Lauterbachs Plan sei ein Almosen, eine Ohrfeige links und rechts. 50 Cent, das sei unglaublich. »Wir lösen die Probleme, die wir nicht geschaffen haben und das geht nicht zum Nulltarif.« Bei der Politik und den Krankenkassen gelte aber das Motto »billig, billiger, am billigsten«.
»Der Dank für all das, was wir in der Pandemie gemacht haben, ist die Honorarkürzung, die wir in diesem Jahr zum 1. Februar hinnehmen mussten. Das beste Arzneimittel wirkt nicht, wenn es falsch eingenommen wird.« Gute Arbeit verdiene auch gute Honorierung. Sonst gebe es keinen Nachwuchs. »Lassen Sie uns gemeinsam stark sein, gemeinsam laut sein und an einem Strang ziehen«, endete Funke.
Die Stadt Mainz ist nicht weit. Die Verbände kämpfen gemeinsam um die Apotheken vor Ort. Petra Engel-Djabarian, Pressesprecherin des Apothekerverbands Rheinland-Pfalz, war deshalb ebenfalls in Wiesbaden und betonte die Bedeutung für einen gemeinsamen Protest beider Bundesländer. Die Bundesregierung sorge nicht für faire Rahmenbedingungen und gerade auch die Pharmaziestudierenden benötigten Verlässlichkeit seitens der Politik und dürften sich nicht als Spielball von Sparzwängen sehen.
Foto: PZ/Isabel Weinert
Die politischen Vertreter von FDP, Linken, SPD und CDU bestätigten die Argumente der Standesvertreter, allerdings mit abweichenden Gewichtungen, was den Applaus der Demonstrierenden unterschiedlich ausfallen ließ.
Abschließend kam der Ministerpräsident des Landes Hessen zu Wort, Boris Rhein. »Es ist exakt der richtige Platz für Ihren Protest, denn mit Ihrem Protest finden Sie jemanden in der Staatskanzlei, der diesen ausdrücklich unterstützt«, so Rhein. Es sei noch nicht zu spät, müsse aber gehandelt werden.
Die entsprechenden, von der derzeitigen Bundesregierung verabschiedeten Gesetze, die den enormen Problemen etwas entgegensetzen sollen, seien falsch, so der Ministerpräsident.

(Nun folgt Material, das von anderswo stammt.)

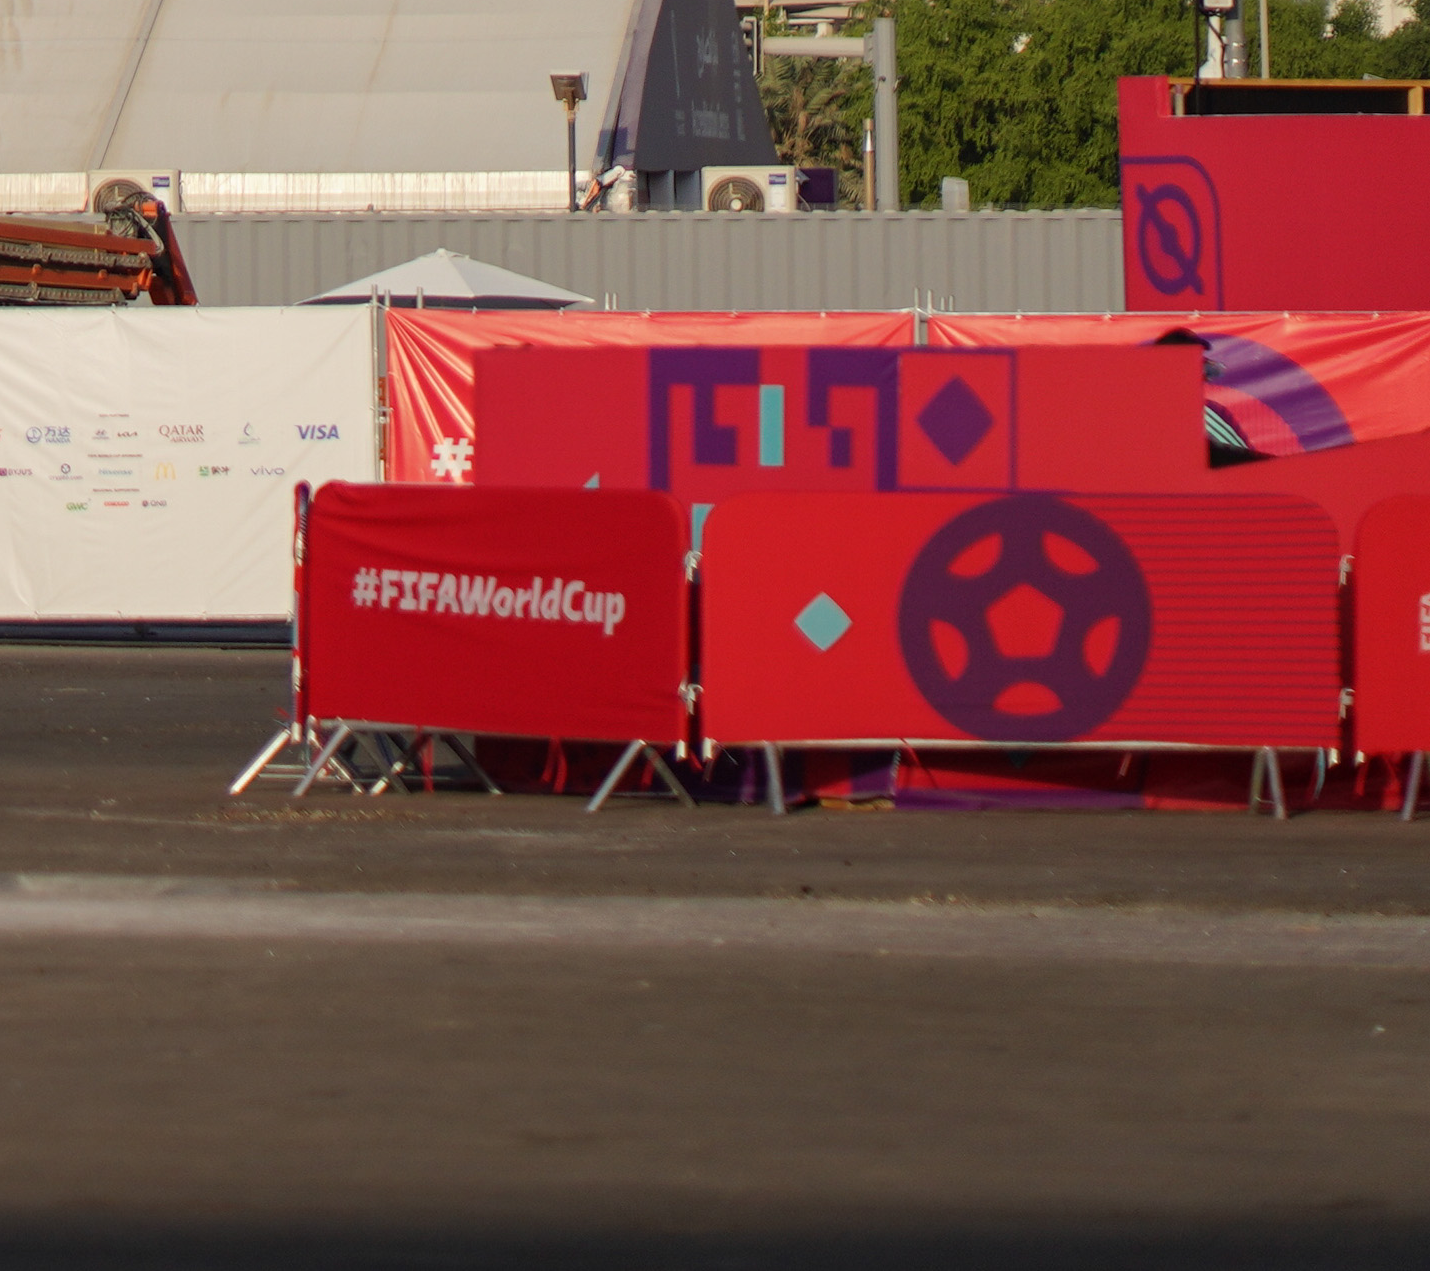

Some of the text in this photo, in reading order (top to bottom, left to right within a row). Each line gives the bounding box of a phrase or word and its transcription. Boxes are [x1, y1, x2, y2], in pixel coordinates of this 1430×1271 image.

[158, 424, 205, 437] QATAR
[294, 424, 340, 440] VISA
[250, 466, 286, 476] vivo
[352, 567, 627, 637] #FIFAWorldCup
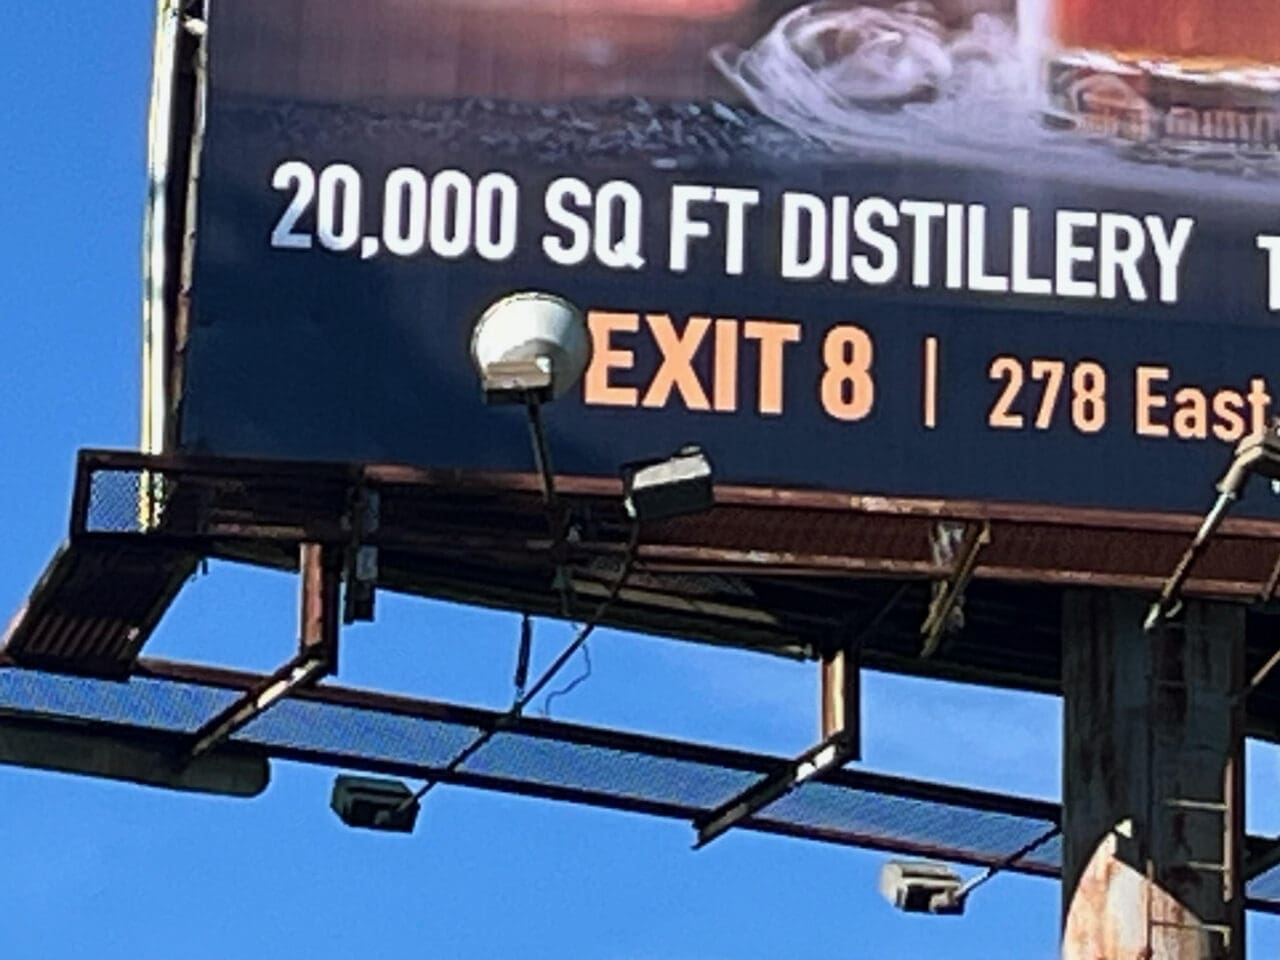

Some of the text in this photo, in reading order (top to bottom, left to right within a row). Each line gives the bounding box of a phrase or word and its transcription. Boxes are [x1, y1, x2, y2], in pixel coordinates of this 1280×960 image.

[271, 160, 1195, 303] 20,000 SQ FT DISTILLERY
[583, 311, 875, 422] EXIT 8
[988, 357, 1107, 433] 278
[1135, 365, 1272, 442] East
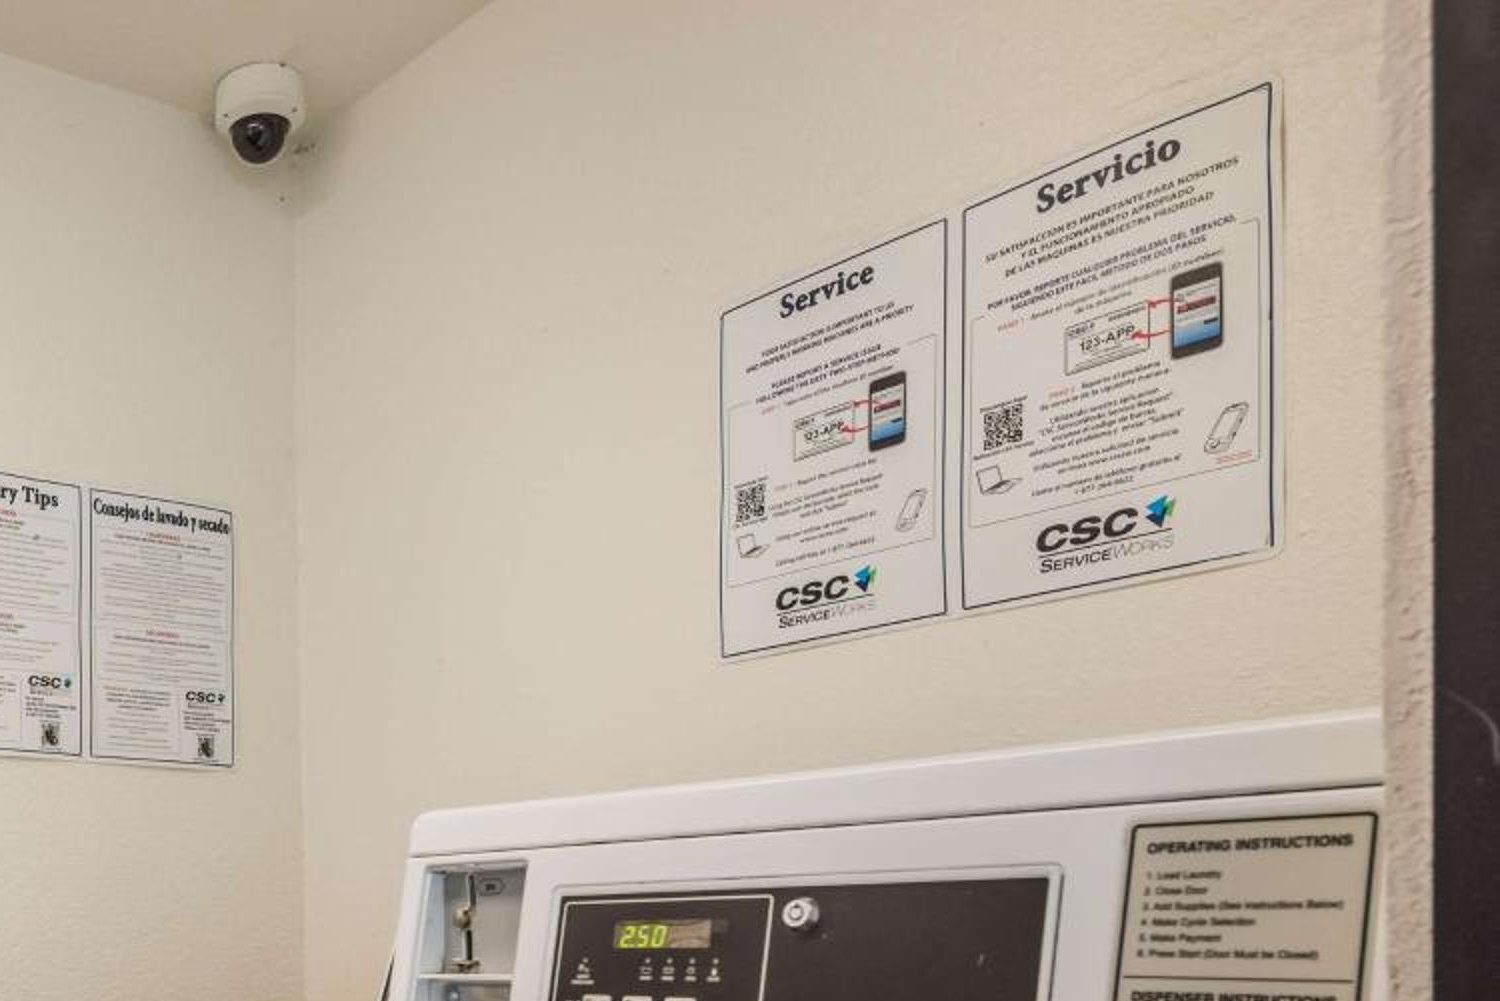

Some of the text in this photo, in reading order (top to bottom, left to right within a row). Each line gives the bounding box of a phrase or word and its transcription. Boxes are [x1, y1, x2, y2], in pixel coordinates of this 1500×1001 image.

[1036, 138, 1180, 213] Servicio
[1146, 180, 1174, 201] PARA
[1177, 155, 1238, 189] NOSOTROS
[780, 265, 875, 319] Service
[1080, 325, 1135, 352] 123-APP
[21, 485, 58, 509] Tips
[93, 498, 139, 522] Consejos
[141, 504, 154, 521] de
[156, 508, 189, 527] lavado
[198, 515, 230, 535] secado
[1036, 507, 1138, 553] CSC
[776, 574, 849, 612] CSC
[28, 675, 62, 689] CSC
[185, 690, 216, 703] CSC
[1146, 833, 1354, 854] OPERATING INSTRUCTIONS
[618, 924, 669, 949] 250

»Wir brauchen dringend wieder diversifizierte Lieferketten, wir brauchen widerstandsfähige Lieferketten, wir müssen den Standort Deutschland stärken, wir müssen den Standort Europa stärken. Wir müssen mindestens wieder die Apotheke Europas werden.« Es müsse das Gespräch stattfinden, über das, was wichtig und was nötig sei.
Der Apothekenprotest in Hessen – ein voller Erfolg. Nach zwei Stunden löste sich die Versammlung auf. Jetzt muss das Gesagte nur noch Gehör in Berlin finden.